Its definition is an average of marginal contributions. Imagine the agents joining the coalition one at a time in some order. When agent $i$ joins a partially formed coalition $S$, it adds value $v(S \cup \{i\}) - v(S)$, its marginal contribution in that order. The Shapley value $\phi_i$ pays agent $i$ the average of this marginal contribution over all $n!$ possible orderings:

$$\phi_i(v) \;=\; \frac{1}{n!} \sum_{\pi \in \Pi} \big[\, v(P_i^\pi \cup \{i\}) - v(P_i^\pi) \,\big],$$

where $\Pi$ is the set of all orderings of the agents and $P_i^\pi$ is the set of agents that precede $i$ in ordering $\pi$. Equivalently, grouping orderings that produce the same predecessor set $S$ gives the familiar weighted-subset form,

$$\phi_i(v) \;=\; \sum_{S \subseteq N \setminus \{i\}} \frac{|S|!\,(n - |S| - 1)!}{n!}\,\big[\, v(S \cup \{i\}) - v(S) \,\big].$$

By construction the shares sum to $v(N)$, so the Shapley value is always efficient. It rewards an agent for what it genuinely adds, averaged so that no agent is privileged by being asked to join first or last. Figure 28.4.2 traces all six orderings of our three robots and shows agent $A$'s marginal contribution in each, the numbers that average to its Shapley value.

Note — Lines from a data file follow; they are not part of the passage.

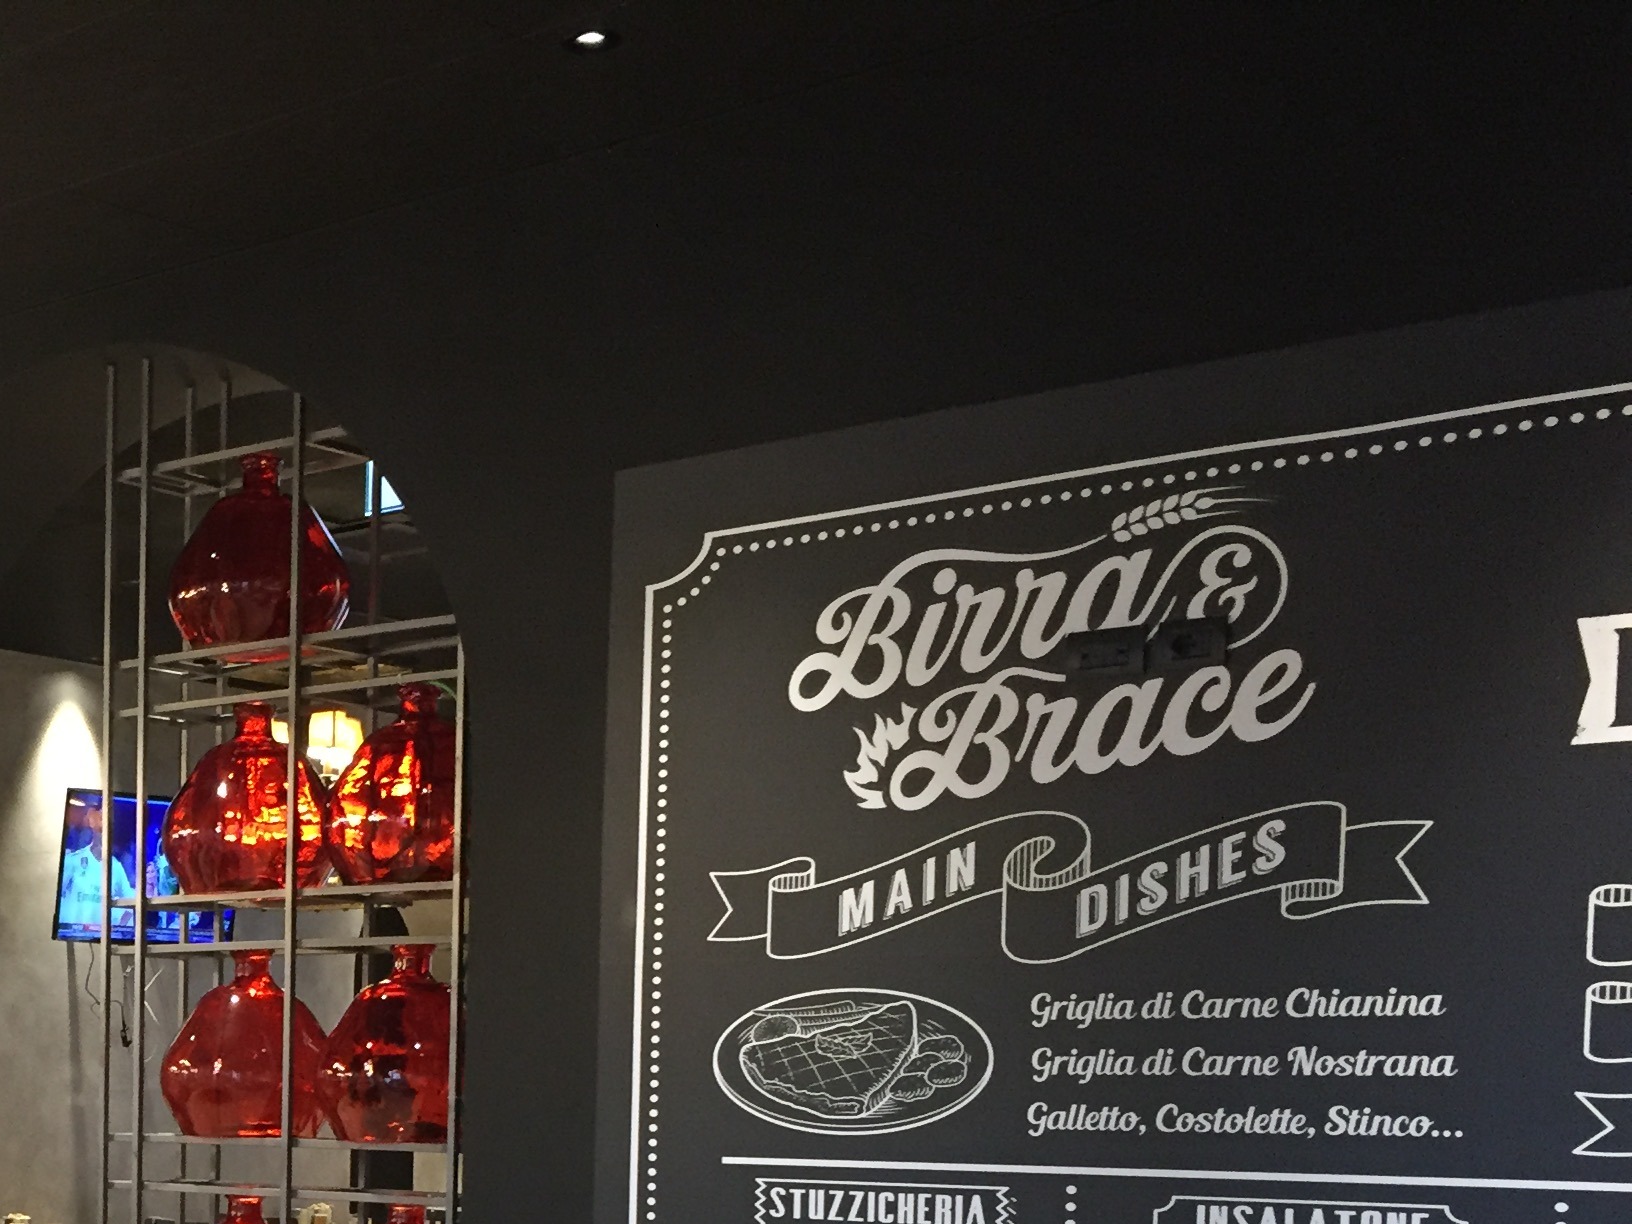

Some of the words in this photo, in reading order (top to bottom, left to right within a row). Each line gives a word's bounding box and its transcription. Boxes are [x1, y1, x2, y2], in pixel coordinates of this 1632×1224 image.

[789, 546, 1158, 711] Birra
[890, 649, 1318, 811] Brace
[836, 841, 977, 937] MAIN
[1074, 819, 1288, 939] DISHES
[1030, 992, 1137, 1028] Griglia
[1140, 991, 1176, 1020] di
[1180, 989, 1280, 1020] Carne
[1285, 987, 1447, 1018] Chianina
[1031, 1048, 1137, 1084] Griglia
[1141, 1047, 1177, 1076] di
[1181, 1046, 1280, 1077] Carne
[1287, 1045, 1459, 1077] Nostrana
[1026, 1101, 1148, 1137] Galletto,
[1155, 1103, 1317, 1139] Costolette,
[1324, 1105, 1464, 1138] Stinco...

Agent A's marginal contribution across all 3! = 6 join orderings join order when A joins, set before A A's marginal value A, B, C { } → v=0 10 − 0 = 10 A, C, B { } → v=0 10 − 0 = 10 B, A, C {B} → v=4 32 − 4 = 28 C, A, B {C} → v=4 26 − 4 = 22 B, C, A {B, C} → v=14 42 − 14 = 28 C, B, A {B, C} → v=14 42 − 14 = 28 average = (10+10+28+22+28+28) / 6 = 21 = φ(A) B and C are computed the same way; the three Shapley values sum to v(grand) = 42.
Figure 28.4.2: The Shapley value of agent $A$ as an average marginal contribution. Each of the $3! = 6$ orderings places $A$ after some set of predecessors; $A$'s marginal value is what the coalition gains when $A$ joins. Averaging the six contributions gives $\phi_A = 21$. Agent $A$ earns more than its solo value of 10 because, on average across orderings, it lifts the coalitions it joins by considerably more than that. The code in this section reproduces these numbers and confirms the shares for all three agents.

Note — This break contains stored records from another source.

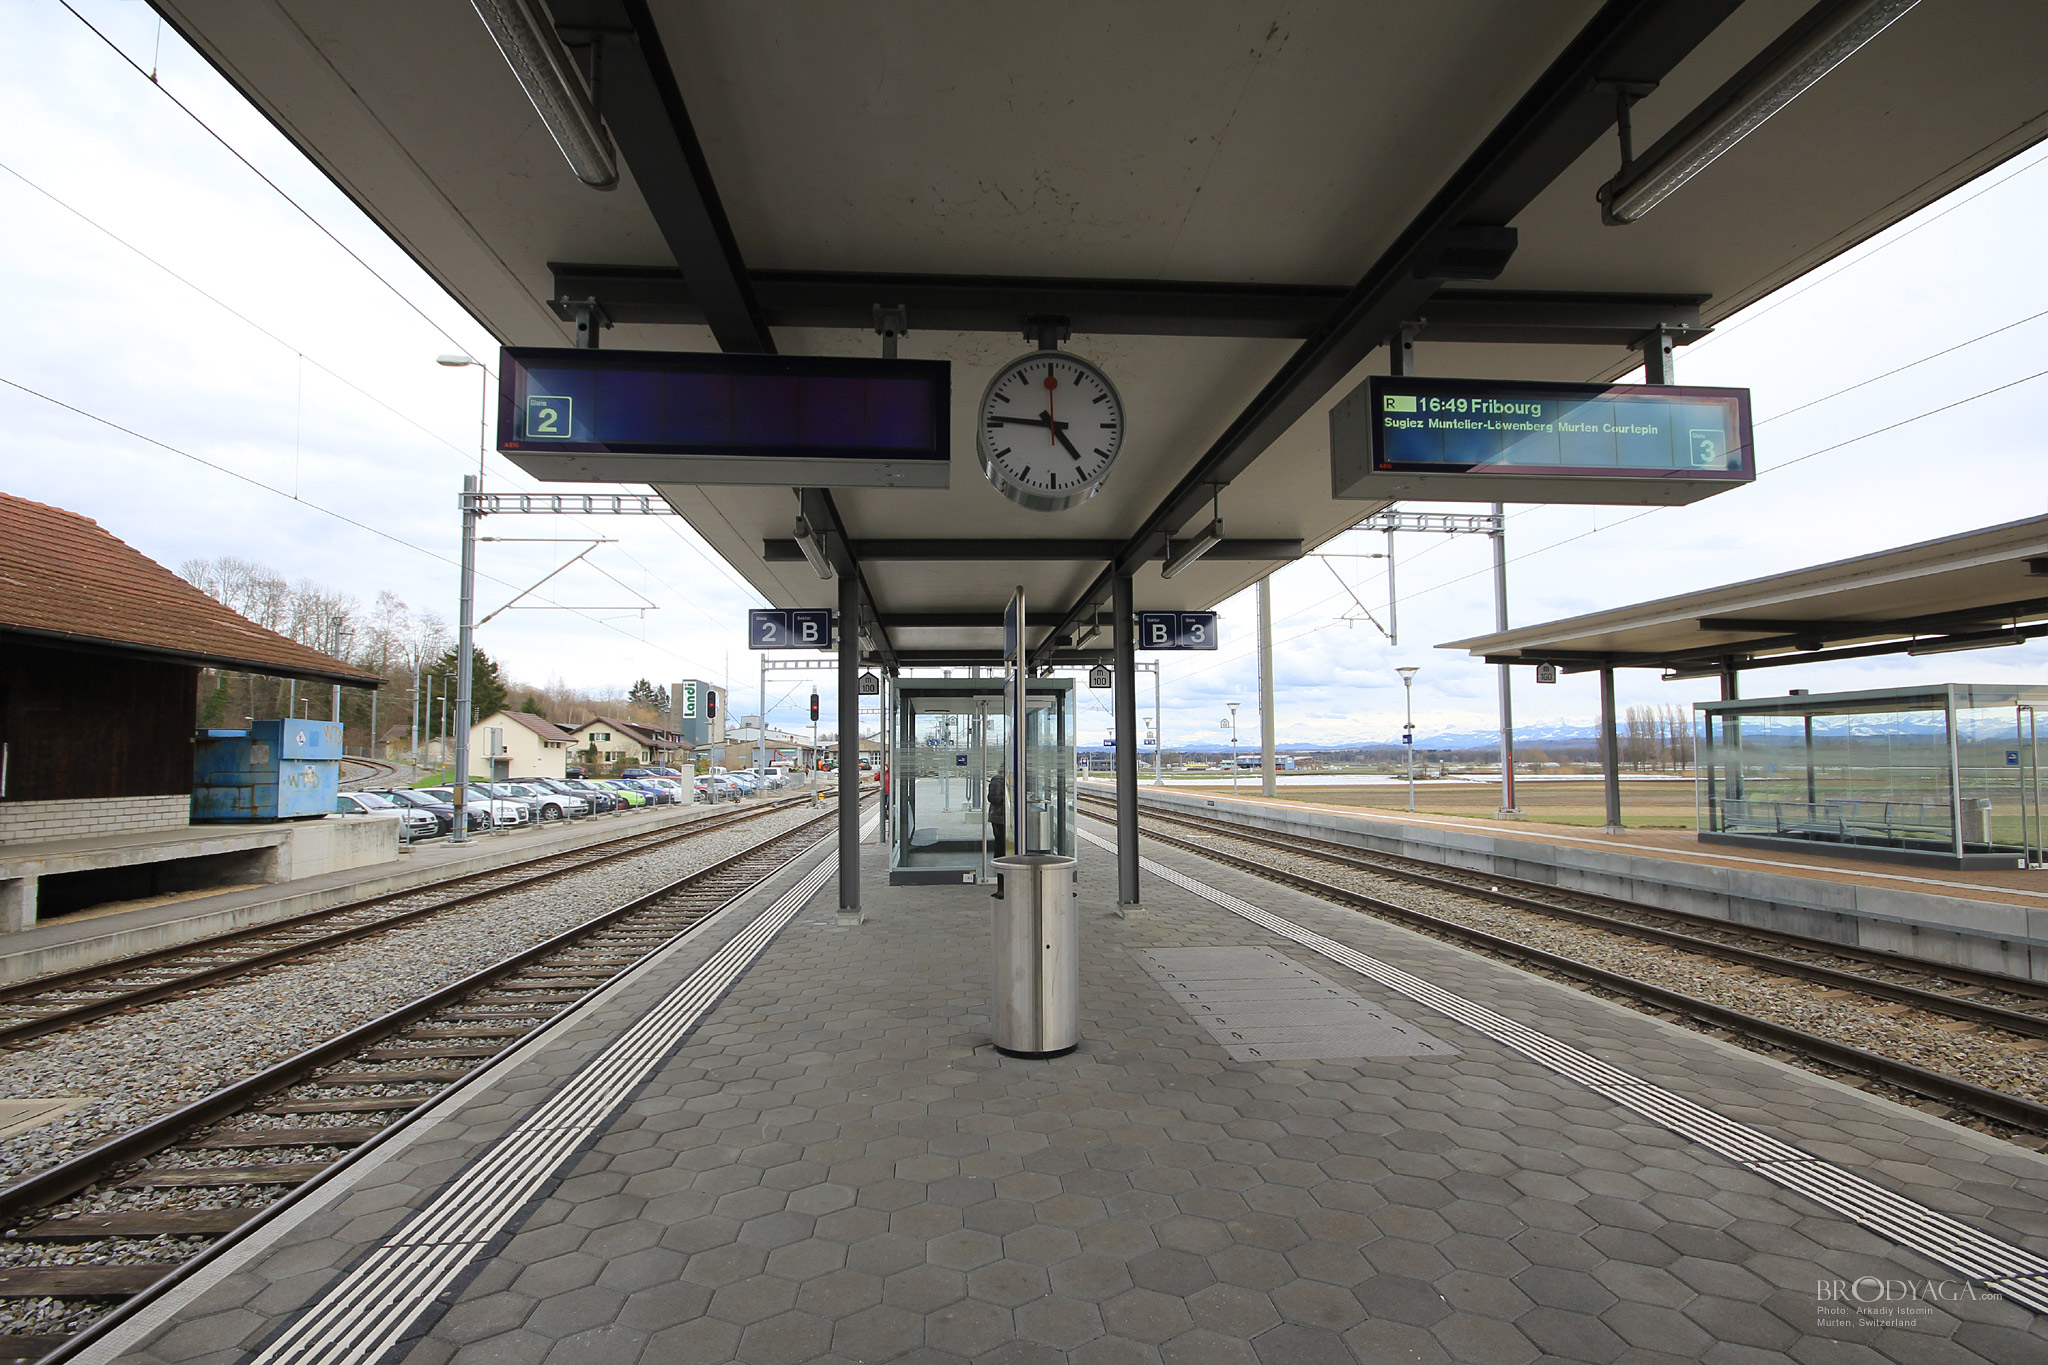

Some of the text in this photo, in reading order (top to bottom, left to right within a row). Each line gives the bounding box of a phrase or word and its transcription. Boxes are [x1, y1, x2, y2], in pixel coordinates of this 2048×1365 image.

[1386, 397, 1542, 417] R 16:49 Fribourg
[538, 408, 558, 432] 2
[1384, 417, 1658, 436] Sugiez Muntelier-Löwenberg Murten Courtepin
[1700, 440, 1715, 462] 3
[762, 622, 777, 642] 2
[802, 622, 819, 642] B
[1152, 624, 1168, 643] B
[1190, 624, 1206, 643] 3
[1093, 677, 1107, 686] 100
[1540, 673, 1552, 681] 100
[862, 684, 875, 693] 100
[684, 683, 695, 717] Landi

4. Computing Both, and Seeing Where They Disagree Intermediate

The two concepts answer different questions, and a small program makes the distinction tangible. The code below builds our three-robot game as a characteristic function, computes the Shapley value by averaging marginal contributions over every ordering exactly as the formula prescribes, then tests two candidate divisions for core membership: the Shapley value itself, and a naive equal split that hands each robot a third of the total. Core membership is checked by verifying that every one of the $2^n$ coalitions is offered at least the value it could secure alone.

from itertools import permutations, combinations

# Three robots cooperating on a delivery task. The characteristic function v(S)
# gives the value (deliveries completed per hour) that coalition S can secure on
# its own. A carries packages, B drives fast, C navigates; pairs and the trio do
# strictly better than the sum of singletons (the gains from cooperation).
agents = ["A", "B", "C"]
v = {
    frozenset(): 0,
    frozenset(["A"]): 10,
    frozenset(["B"]): 4,
    frozenset(["C"]): 4,
    frozenset(["A", "B"]): 32,
    frozenset(["A", "C"]): 26,
    frozenset(["B", "C"]): 14,
    frozenset(["A", "B", "C"]): 42,
}
grand = frozenset(agents)

# ---- Shapley value: average marginal contribution over all join orderings ----
def shapley(agents, v):
    n = len(agents)
    phi = {a: 0.0 for a in agents}
    orderings = list(permutations(agents))
    for order in orderings:
        joined = set()
        for a in order:
            before = frozenset(joined)
            after = frozenset(joined | {a})
            phi[a] += v[after] - v[before]   # a's marginal contribution here
            joined.add(a)
    for a in agents:
        phi[a] /= len(orderings)
    return phi

phi = shapley(agents, v)
print("Shapley value (fair share of the %d total):" % v[grand])
for a in agents:
    print("  agent %s : %6.2f" % (a, phi[a]))
print("  sum      : %6.2f   (must equal v(grand)=%d)" % (sum(phi.values()), v[grand]))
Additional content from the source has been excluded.